Вложил короткую толстую стрелу – пыр. Опустился на колено – как в прежние времена, когда учился бить в центр мишени.
Татарин пустил вторую стрелу в длинноногого Кривоноса и, судя по крику, опять попал, но Олег не повернул головы. Он вел крестовиной, ловил ею точку немного впереди конника, как целил бы в летящую птицу.
Зазвенела тетива. Всадник вылетел из седла, остался лежать черной кучкой на белом. Олег в первый миг даже не поверил: и это всё? Был грозный смертеразящий центавр – и нету?
Второй татарин увидел и бросил повозку. Помчался к упавшему товарищу.
Теперь Олег уже себя не уговаривал, а был спокоен. Близко подпускать поганого не стал, очень уж они быстры со своими короткими луками. Зато самострел бьет дальше, а меткости в нем не меньше.
Потратил два пыра. Сначала свалил коня. Потом, когда татарин, шатаясь, встал, уложил и его.
Поднялся с колена. Протер глаза – не наваждение ли? То, о чем мечталось целый год, что казалось несбыточным, произошло. И как просто! Никакие они не бесы и не злые духи. Убиваешь – умирают.
С груди будто сняли тугую удавку, не дававшую свободно дышать много месяцев. В носу защекотало, и Олег подумал, что расплачется, но не заплакал.
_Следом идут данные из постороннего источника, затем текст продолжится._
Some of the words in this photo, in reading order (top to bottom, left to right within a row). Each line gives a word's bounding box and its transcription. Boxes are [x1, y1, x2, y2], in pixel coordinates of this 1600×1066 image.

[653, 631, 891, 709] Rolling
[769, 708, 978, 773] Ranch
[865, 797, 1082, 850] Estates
Видно, слезы действительно все закончились.
Сзади заскрипел снег. Это возвращались Кузьма Коломна с Пикшей.
Олег пошел им навстречу. Кузьме с размаху двинул прикладом самострела в морду – чтоб знал, смерд, как с князем разговаривать. Кузнец только крякнул, сплюнув красное.
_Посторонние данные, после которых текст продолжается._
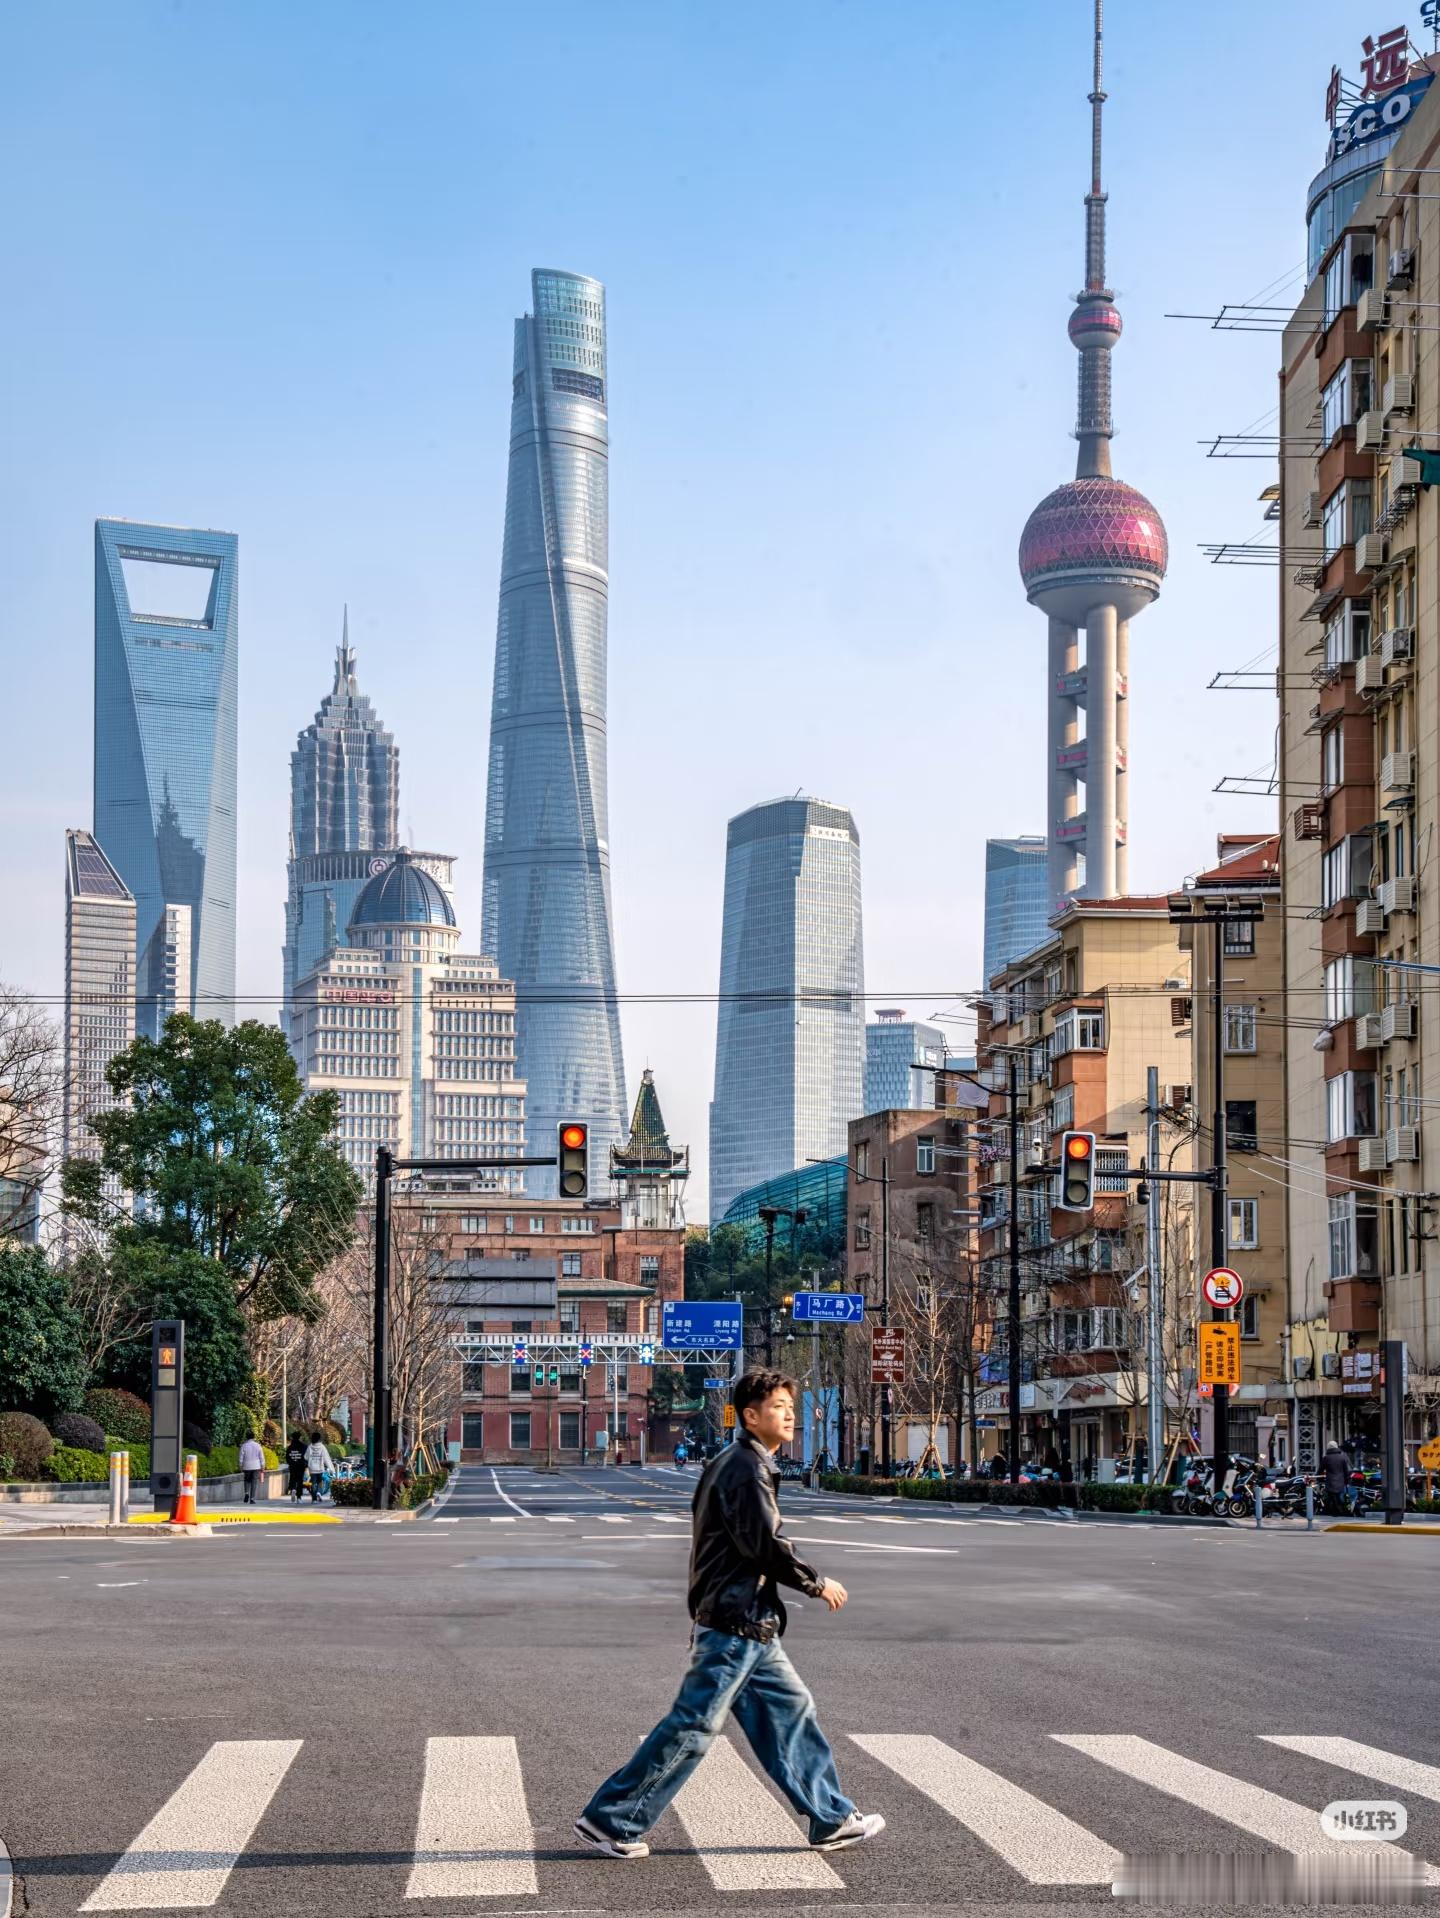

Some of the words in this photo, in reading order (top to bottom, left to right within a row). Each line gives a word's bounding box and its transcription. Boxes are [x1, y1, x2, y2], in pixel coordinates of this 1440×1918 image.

– Кривоноса и Миньку зароешь, – велел ему Олег. – Ты, Пикша, беги, воз догони. Я поймаю лошадь и соберу оружие. Всё, ребята. По-вороньи жить, падалью питаться боле не станем. Будем татар убивать.
Монголки не плачут
Мануйла (так Филомена называла про себя мужа) часто говорил, что всякий бог любит щедрые дары – не от корысти, ибо какая у бога корысть, коли он бог, а потому что уважает щедрость. Когда родилась Цве́точка, муж подарил богу Тенгри вещь, которой дорожил больше всего: старую шубу, последнюю память о родине. Богам ведь дорого не то, что дорого стоит, а то, что дорого тебе – это тоже известно. Когда шуба горела на костре, Мануйла молился. Потом рассказал – о чем. Чтобы новая война не начиналась еще хотя бы месяц.
А Фила помолилась деве Марии, чтобы войны вообще больше никогда не было.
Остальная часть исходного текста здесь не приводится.